* INSTRUCTIONS TO FOLLOW
Write the records below out in full, character for character, with no pictures.

*** EXCERPTED DATA

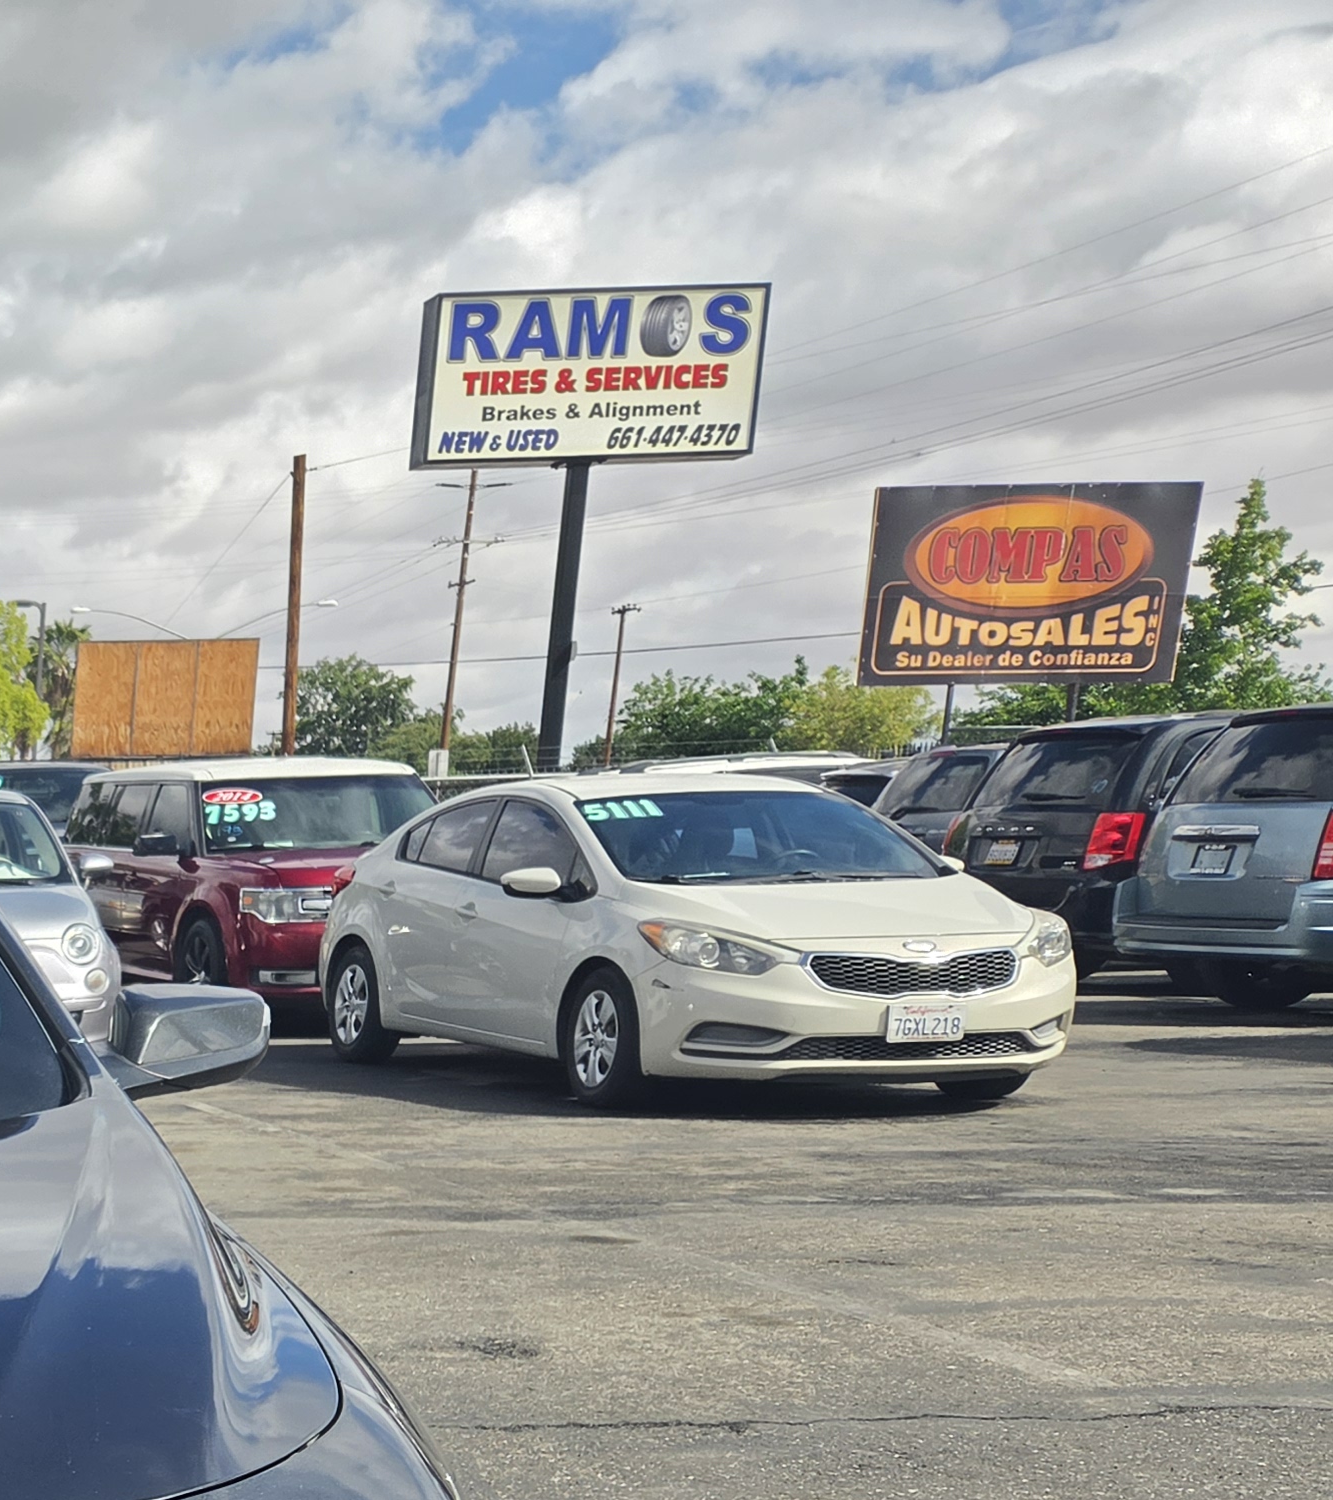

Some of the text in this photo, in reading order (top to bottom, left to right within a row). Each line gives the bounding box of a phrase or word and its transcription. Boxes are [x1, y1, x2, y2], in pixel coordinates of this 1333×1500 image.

[463, 364, 729, 397] TIRES & SERVICES
[482, 400, 702, 422] Brakes & Alignment
[438, 428, 559, 454] NEW & USED
[928, 525, 1128, 584] COMPAS
[890, 595, 1150, 647] AUTOSALES
[895, 650, 1133, 668] Su Dealer de Confianza
[216, 791, 254, 802] 2014
[204, 800, 276, 825] 7593
[583, 799, 664, 821] 5111
[894, 1017, 961, 1037] 7GXL218

******

* SOLUTION BELOW
Some of the text in this photo, in reading order (top to bottom, left to right within a row). Each line gives the bounding box of a phrase or word and its transcription. Boxes are [x1, y1, x2, y2], in pixel coordinates of this 1333×1500 image.

[463, 364, 729, 397] TIRES & SERVICES
[482, 400, 702, 422] Brakes & Alignment
[438, 428, 559, 454] NEW & USED
[928, 525, 1128, 584] COMPAS
[890, 595, 1150, 647] AUTOSALES
[895, 650, 1133, 668] Su Dealer de Confianza
[216, 791, 254, 802] 2014
[204, 800, 276, 825] 7593
[583, 799, 664, 821] 5111
[894, 1017, 961, 1037] 7GXL218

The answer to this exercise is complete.